(Collected data entries)
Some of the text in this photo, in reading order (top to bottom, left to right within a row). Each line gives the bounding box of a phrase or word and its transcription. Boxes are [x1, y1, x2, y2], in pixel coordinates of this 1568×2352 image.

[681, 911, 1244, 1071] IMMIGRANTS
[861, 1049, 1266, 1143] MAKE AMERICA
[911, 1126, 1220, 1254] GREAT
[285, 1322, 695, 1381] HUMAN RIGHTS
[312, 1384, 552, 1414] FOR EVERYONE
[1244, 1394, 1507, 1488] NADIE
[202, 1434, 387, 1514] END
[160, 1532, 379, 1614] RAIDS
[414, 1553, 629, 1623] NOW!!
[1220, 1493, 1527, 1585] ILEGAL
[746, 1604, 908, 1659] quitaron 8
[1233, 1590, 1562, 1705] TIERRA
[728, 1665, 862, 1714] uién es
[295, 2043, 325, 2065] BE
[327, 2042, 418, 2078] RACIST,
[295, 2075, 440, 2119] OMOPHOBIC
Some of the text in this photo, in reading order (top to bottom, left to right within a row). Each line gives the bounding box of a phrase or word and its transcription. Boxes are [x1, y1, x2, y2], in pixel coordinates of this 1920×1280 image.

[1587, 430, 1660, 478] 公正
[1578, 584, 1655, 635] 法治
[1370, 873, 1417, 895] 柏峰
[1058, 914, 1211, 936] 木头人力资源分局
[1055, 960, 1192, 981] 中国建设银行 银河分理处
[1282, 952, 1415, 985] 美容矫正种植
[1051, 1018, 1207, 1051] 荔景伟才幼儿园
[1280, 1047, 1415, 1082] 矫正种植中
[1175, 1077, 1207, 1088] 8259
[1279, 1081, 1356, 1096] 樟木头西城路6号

• **Work item**
The records need to be reproduced in their entirety, word for word.

• **Solved problem**
Some of the text in this photo, in reading order (top to bottom, left to right within a row). Each line gives the bounding box of a phrase or word and its transcription. Boxes are [x1, y1, x2, y2], in pixel coordinates of this 1568×2352 image.

[681, 911, 1244, 1071] IMMIGRANTS
[861, 1049, 1266, 1143] MAKE AMERICA
[911, 1126, 1220, 1254] GREAT
[285, 1322, 695, 1381] HUMAN RIGHTS
[312, 1384, 552, 1414] FOR EVERYONE
[1244, 1394, 1507, 1488] NADIE
[202, 1434, 387, 1514] END
[160, 1532, 379, 1614] RAIDS
[414, 1553, 629, 1623] NOW!!
[1220, 1493, 1527, 1585] ILEGAL
[746, 1604, 908, 1659] quitaron 8
[1233, 1590, 1562, 1705] TIERRA
[728, 1665, 862, 1714] uién es
[295, 2043, 325, 2065] BE
[327, 2042, 418, 2078] RACIST,
[295, 2075, 440, 2119] OMOPHOBIC
Some of the text in this photo, in reading order (top to bottom, left to right within a row). Each line gives the bounding box of a phrase or word and its transcription. Boxes are [x1, y1, x2, y2], in pixel coordinates of this 1920×1280 image.

[1587, 430, 1660, 478] 公正
[1578, 584, 1655, 635] 法治
[1370, 873, 1417, 895] 柏峰
[1058, 914, 1211, 936] 木头人力资源分局
[1055, 960, 1192, 981] 中国建设银行 银河分理处
[1282, 952, 1415, 985] 美容矫正种植
[1051, 1018, 1207, 1051] 荔景伟才幼儿园
[1280, 1047, 1415, 1082] 矫正种植中
[1175, 1077, 1207, 1088] 8259
[1279, 1081, 1356, 1096] 樟木头西城路6号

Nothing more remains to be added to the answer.